Gemini API

Use when the user asks about using Gemini in an enterprise environment or explicitly mentions Vertex AI, Google Cloud, or Agent Platform. Guides the usage of the Gemini API on Agent Platform with the Google Gen AI SDK. Covers SDK usage (Python, JS/TS, Go, Java, C#), capabilities like multimodal inputs, tools, media generation, caching, batch prediction, and Live API.

Published by @google·0 agent reads / 30d·0 saves·

IMPORTANT: Agent Platform (full name Gemini Enterprise Agent Platform) was previously named "Vertex AI" and many web resources use the legacy branding.

Gemini API in Agent Platform

Access Google's most advanced AI models built for enterprise use cases using the Gemini API in Agent Platform.

Provide these key capabilities:

  • Text generation - Chat, completion, summarization
  • Multimodal understanding - Process images, audio, video, and documents
  • Function calling - Let the model invoke your functions
  • Structured output - Generate valid JSON matching your schema
  • Context caching - Cache large contexts for efficiency
  • Embeddings - Generate text embeddings for semantic search
  • Live Realtime API - Bidirectional streaming for low latency Voice and Video interactions
  • Batch Prediction - Handle massive async dataset prediction workloads

Core Directives

  • Unified SDK: ALWAYS use the Gen AI SDK (google-genai for Python, @google/genai for JS/TS, google.golang.org/genai for Go, com.google.genai:google-genai for Java, Google.GenAI for C#).
  • Legacy SDKs: DO NOT use google-cloud-aiplatform, @google-cloud/vertexai, or google-generativeai.

SDKs

  • Python: Install google-genai with pip install google-genai
  • JavaScript/TypeScript: Install @google/genai with npm install @google/genai
  • Go: Install google.golang.org/genai with go get google.golang.org/genai
  • C#/.NET: Install Google.GenAI with dotnet add package Google.GenAI
  • Java:
    • groupId: com.google.genai, artifactId: google-genai

    • Latest version can be found here: https://central.sonatype.com/artifact/com.google.genai/google-genai/versions (let's call it LAST_VERSION)

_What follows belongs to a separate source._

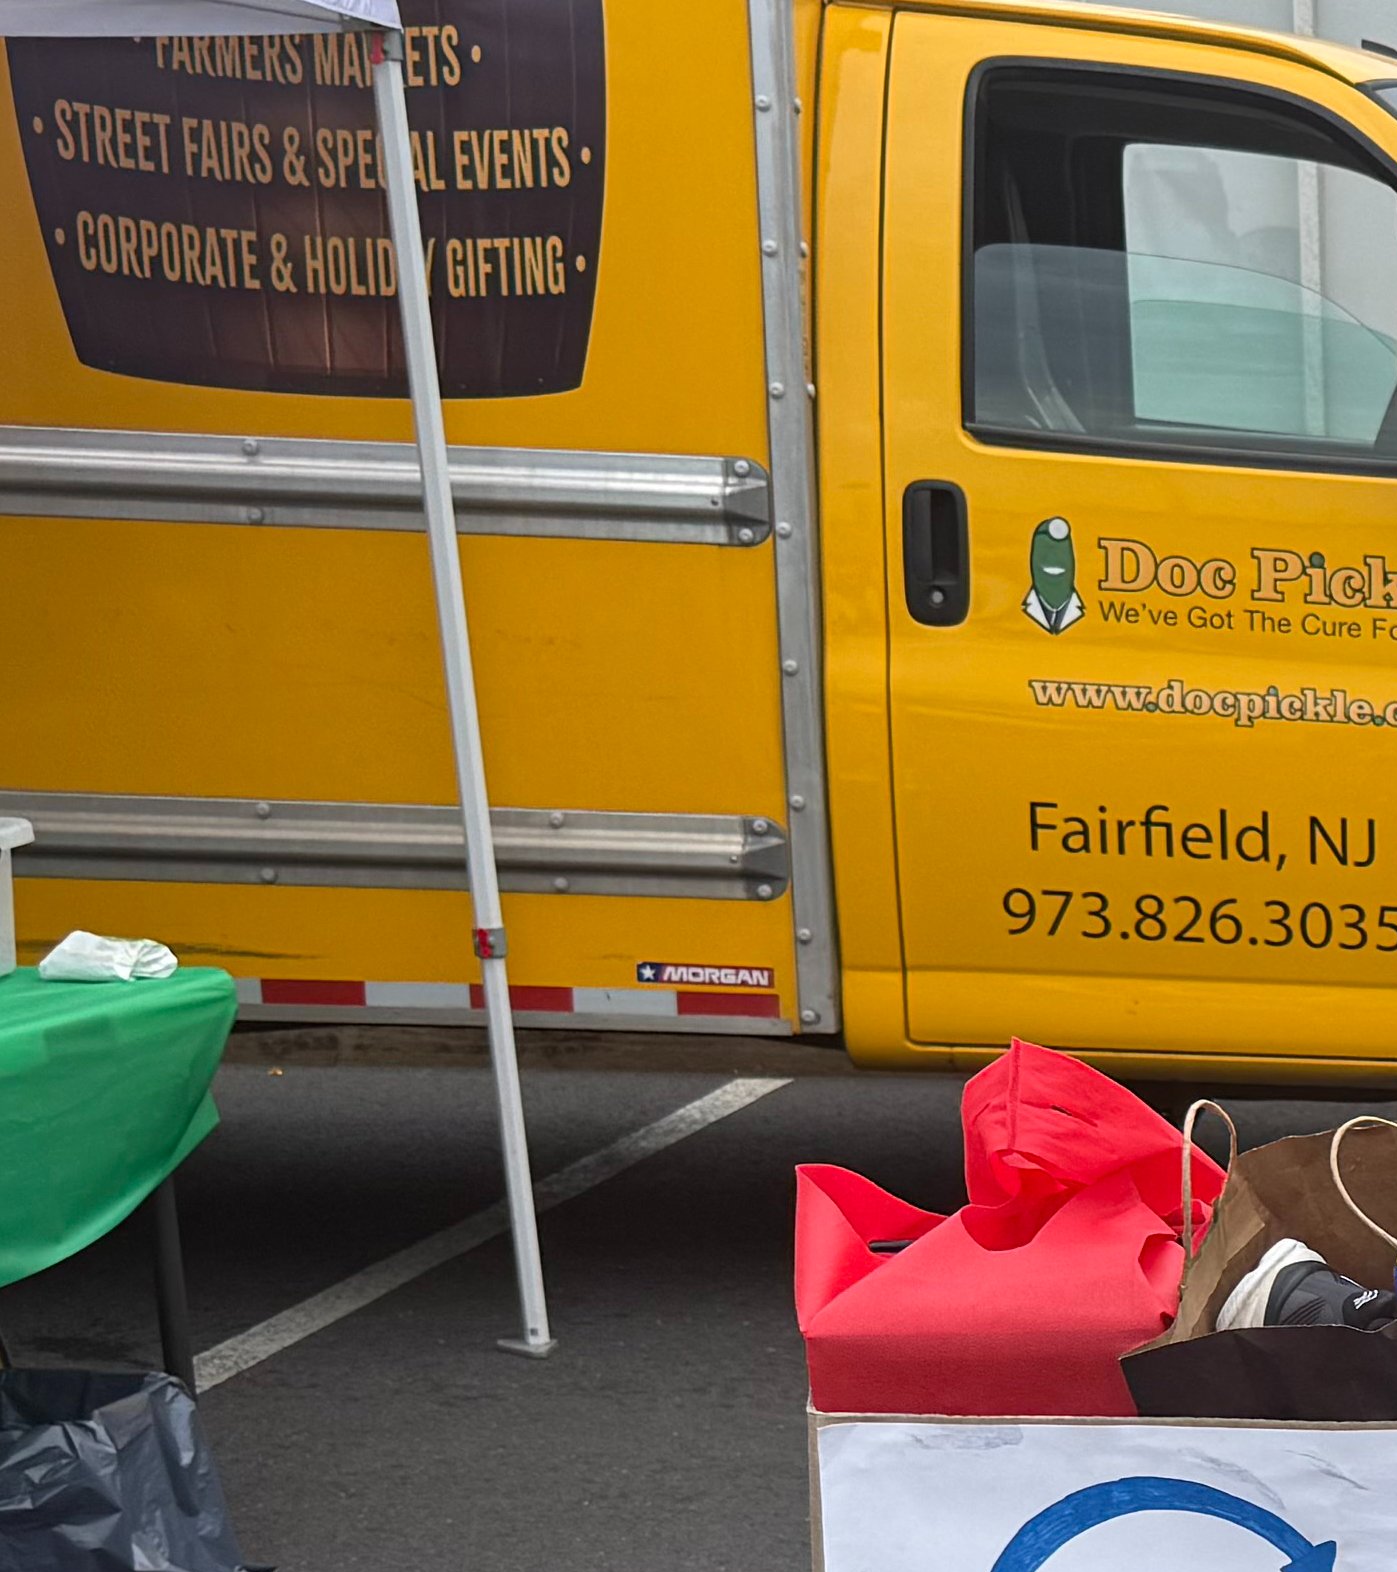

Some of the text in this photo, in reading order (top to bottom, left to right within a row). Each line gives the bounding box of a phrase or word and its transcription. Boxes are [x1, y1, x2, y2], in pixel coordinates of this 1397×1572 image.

    • Install in build.gradle:

      implementation("com.google.genai:google-genai:${LAST_VERSION}")
      
    • Install Maven dependency in pom.xml:

      <dependency>
          <groupId>com.google.genai</groupId>
          <artifactId>google-genai</artifactId>
          <version>${LAST_VERSION}</version>
      </dependency>
      

[!WARNING] Legacy SDKs like google-cloud-aiplatform, @google-cloud/vertexai, and google-generativeai are deprecated. Migrate to the new SDKs above urgently by following the Migration Guide.

Authentication & Configuration

Prefer environment variables over hard-coding parameters when creating the client. Initialize the client without parameters to automatically pick up these values.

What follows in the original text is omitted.